2. Annual Percentage Rate (APR):

  • Definition: APR reflects the total cost of the loan, including the interest rate and other costs like fees, points, and closing costs.
  • What it Includes:
    • Interest rate
    • Origination fees
    • Discount points
    • Mortgage insurance (if applicable)
    • Other fees (e.g., underwriting, processing, etc.)
  • Purpose: Provides a more comprehensive view of the loan's cost over time, enabling better comparison of loan offers.
  • Impact: Gives borrowers a clearer understanding of the loan's true cost.
  • Typical Representation: Expressed as a higher percentage than the interest rate (e.g., 6.75% APR for a 6.5% mortgage rate).
  • Example Use: If Loan A has a 6.5% rate and Loan B has a 6.6% rate, but Loan A has higher fees, the APR might reveal Loan B is actually cheaper overall.

Key Differences:

Aspect Mortgage Rate APR
Includes Fees? No Yes
Reflects True Cost? Partially Yes
Purpose Shows cost of borrowing Helps compare overall loan costs
Influences Monthly Payment? Yes No

Why the Difference Matters

  • Comparing Lenders: APR helps you compare loans with different fee structures.

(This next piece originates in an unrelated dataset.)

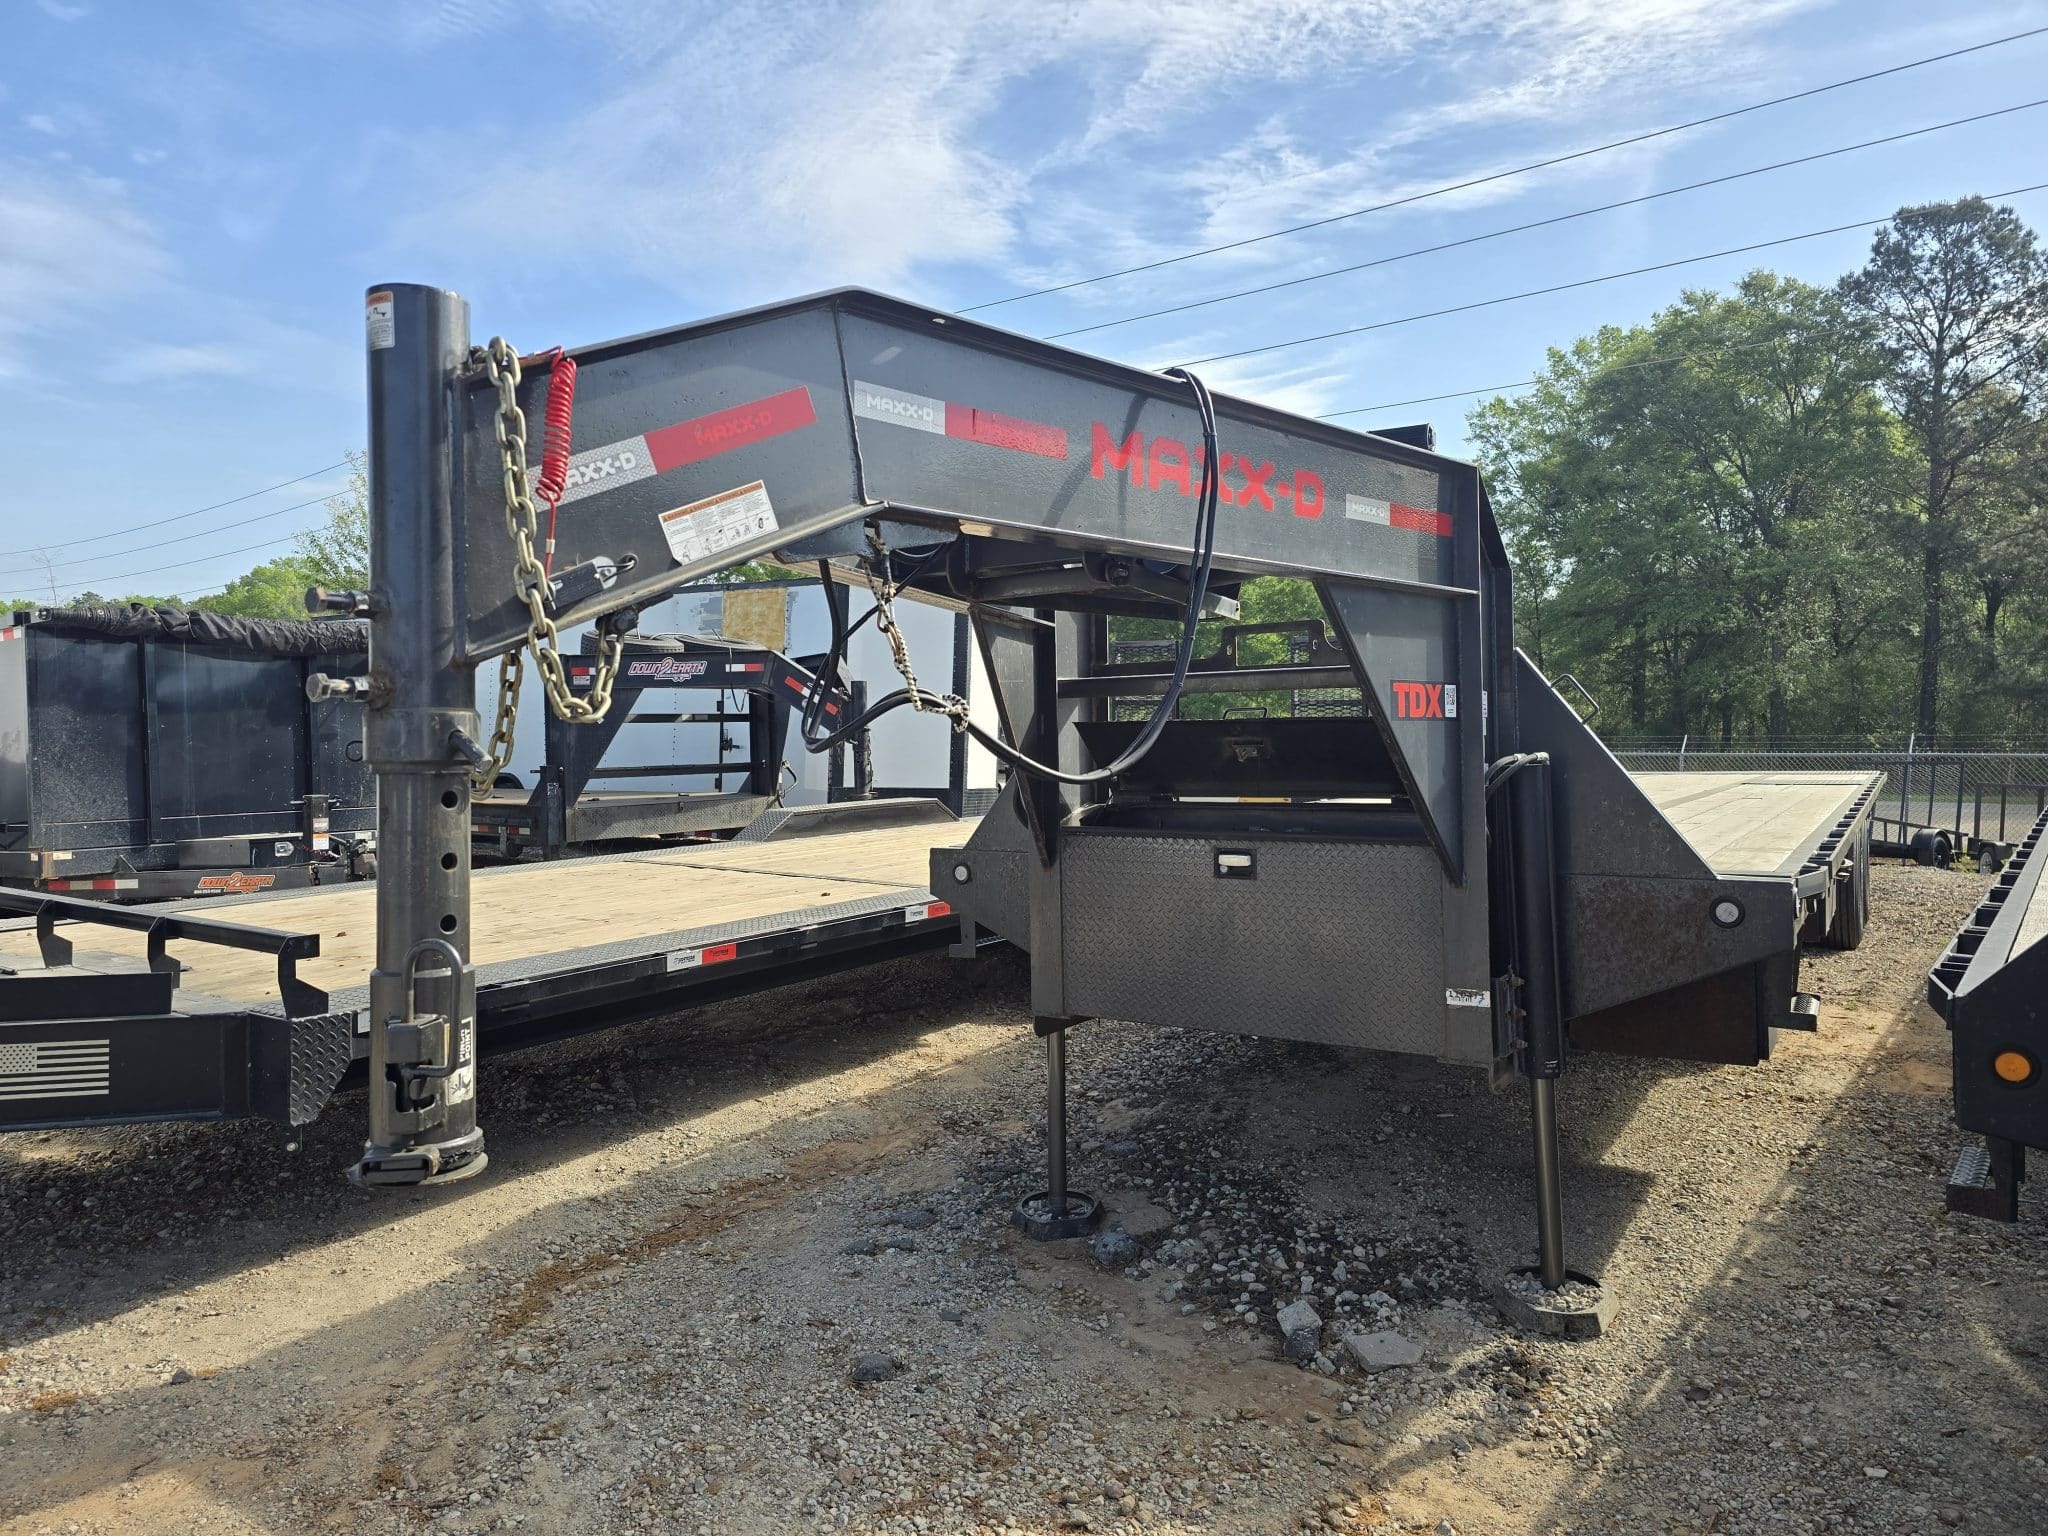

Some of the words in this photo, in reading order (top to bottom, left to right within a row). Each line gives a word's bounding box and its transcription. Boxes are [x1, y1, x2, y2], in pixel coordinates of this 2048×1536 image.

A lower mortgage rate doesn’t always mean a cheaper loan if the fees are higher.
  • Understanding Costs: The mortgage rate determines your monthly payment, while APR shows the long-term cost of the loan.

Example:

For a $200,000 loan:

  • Loan 1: 6.5% mortgage rate with $5,000 in fees → APR: 6.75%
  • Loan 2: 6.6% mortgage rate with $2,000 in fees → APR: 6.68%

In this case, Loan 2 is cheaper overall, even though it has a slightly higher mortgage rate.



Warning:  This post is neither financial, health, legal, or personal advice nor a substitute for the advice offered by a professional. These are serious matters, and the help of a professional is recommended as it can impact your future.